Ebrahimi Ali, Alambeigi Farshid, Sefati Shahriar, Patel Niravkumar, He Changyan, Gehlbach Peter, Iordachita Iulian
Laboratory for Computational Sensing and Robotics (LCSR) at the Johns Hopkins University, Baltimore, MD, 21218, USA.
Walker Department of Mechanical Engineering at the University of Texas at Austin, Austin, TX, 78712, USA.
IEEE ASME Trans Mechatron. 2021 Jun;26(3):1512-1523. doi: 10.1109/tmech.2020.3022830. Epub 2020 Sep 8.
Vitreoretinal surgery is among the most delicate surgical tasks during which surgeon hand tremor may severely attenuate surgeon performance. Robotic assistance has been demonstrated to be beneficial in diminishing hand tremor. Among the requirements for reliable assistance from the robot is to provide precise measurements of system states e.g. sclera forces, tool tip position and tool insertion depth. Providing this and other sensing information using existing technology would contribute towards development and implementation of autonomous robot-assisted tasks in retinal surgery such as laser ablation, guided suture placement/assisted needle vessel cannulation, among other applications.

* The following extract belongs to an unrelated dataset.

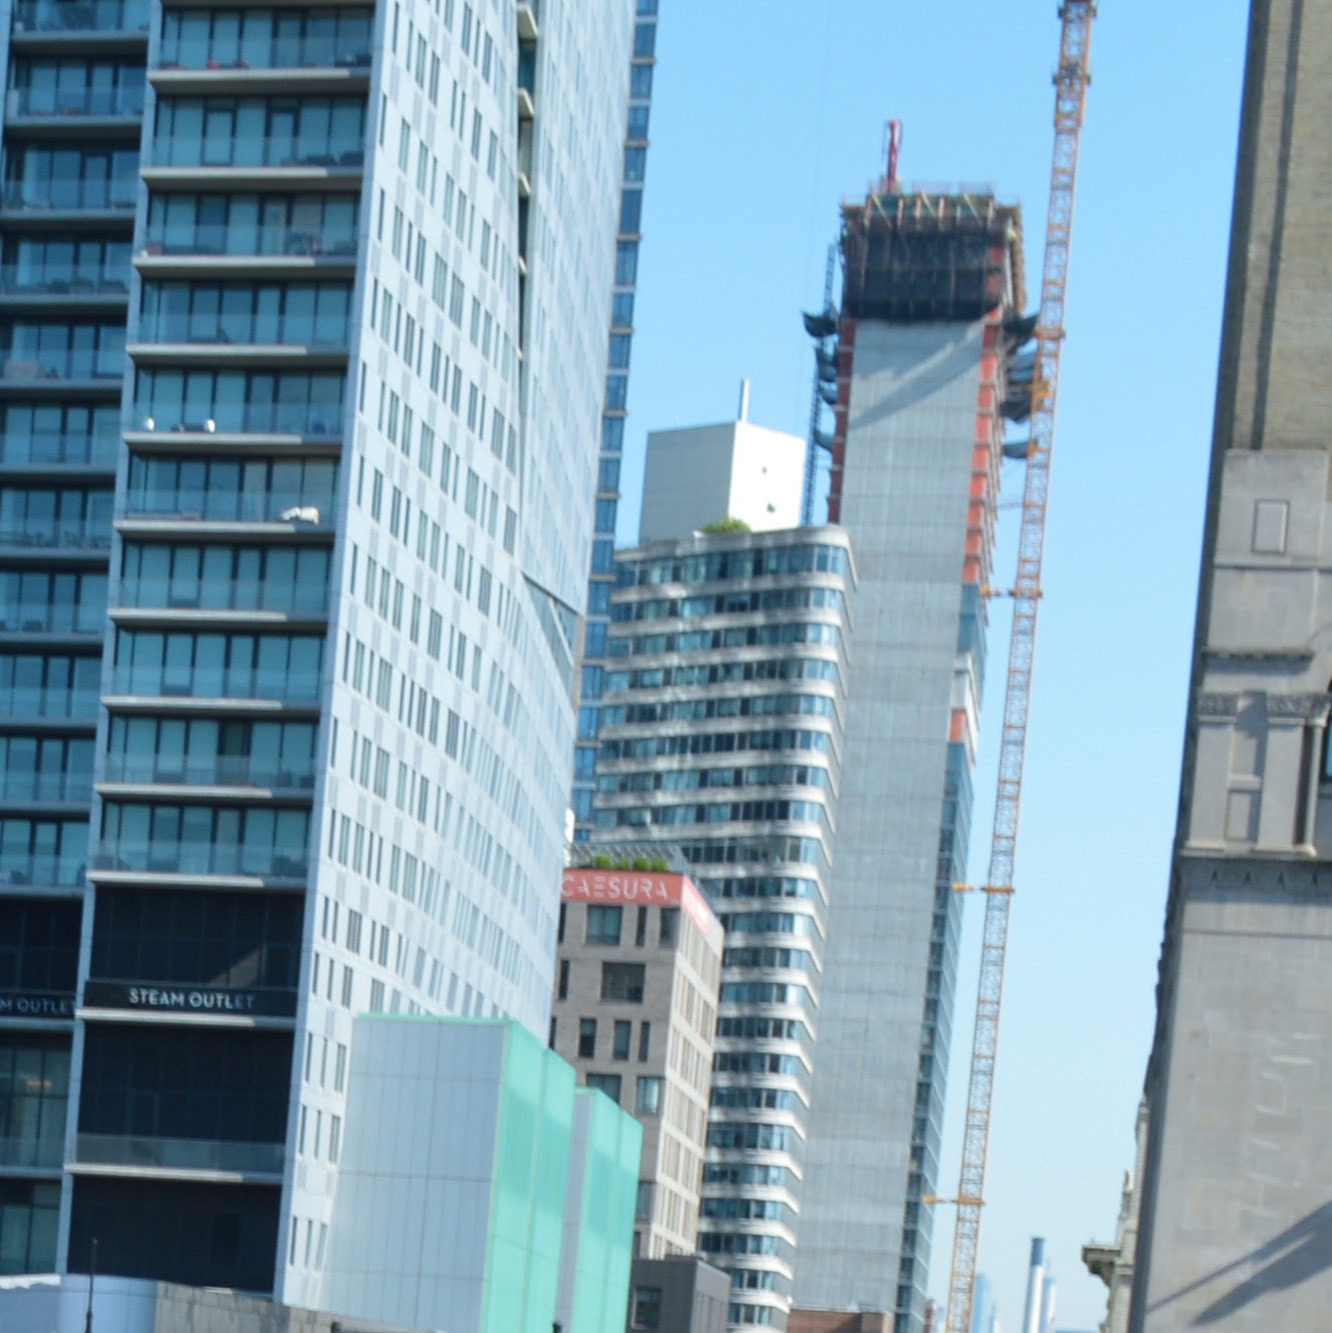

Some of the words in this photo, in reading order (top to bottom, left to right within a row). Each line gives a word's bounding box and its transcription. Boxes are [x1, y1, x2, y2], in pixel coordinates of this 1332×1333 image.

[562, 874, 668, 899] CAESURA
[129, 988, 186, 1006] STEAM
[189, 992, 254, 1009] OUTLET

In the present work, we use a state-estimating Kalman filtering (KF) to improve the tool tip position and insertion depth estimates, which used to be purely obtained by robot forward kinematics (FWK) and direct sensor measurements, respectively. To improve tool tip localization, in addition to robot FWK, we also use sclera force measurements along with beam theory to account for tool deflection. For insertion depth, the robot FWK is combined with sensor measurements for the cases where sensor measurements are not reliable enough. The improved tool tip position and insertion depth measurements are validated using a stereo camera system through preliminary experiments and a case study. The results indicate that the tool tip position and insertion depth measurements are significantly improved by 77% and 94% after applying KF, respectively.

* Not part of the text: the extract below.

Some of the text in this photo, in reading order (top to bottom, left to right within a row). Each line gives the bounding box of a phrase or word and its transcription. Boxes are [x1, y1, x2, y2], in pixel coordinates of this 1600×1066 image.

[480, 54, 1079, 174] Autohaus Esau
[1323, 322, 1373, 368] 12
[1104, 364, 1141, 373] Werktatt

玻璃体视网膜手术是最精细的外科手术之一,在此过程中外科医生的手部震颤可能会严重削弱手术操作。已证明机器人辅助有助于减少手部震颤。机器人可靠辅助的要求之一是提供系统状态的精确测量,例如巩膜力、工具尖端位置和工具插入深度。使用现有技术提供此类传感信息将有助于视网膜手术中自主机器人辅助任务的开发和实施,如激光消融、引导缝线放置/辅助针血管插管等其他应用。在本研究中,我们使用状态估计卡尔曼滤波(KF)来改进工具尖端位置和插入深度估计,这两个估计过去分别纯粹通过机器人正向运动学(FWK)和直接传感器测量获得。为了改进工具尖端定位,除了机器人FWK外,我们还结合巩膜力测量以及梁理论来考虑工具偏转。对于插入深度,在传感器测量不够可靠的情况下,将机器人FWK与传感器测量相结合。通过初步实验和案例研究,使用立体相机系统对改进后的工具尖端位置和插入深度测量进行了验证。结果表明,应用KF后,工具尖端位置和插入深度测量分别显著提高了77%和94%。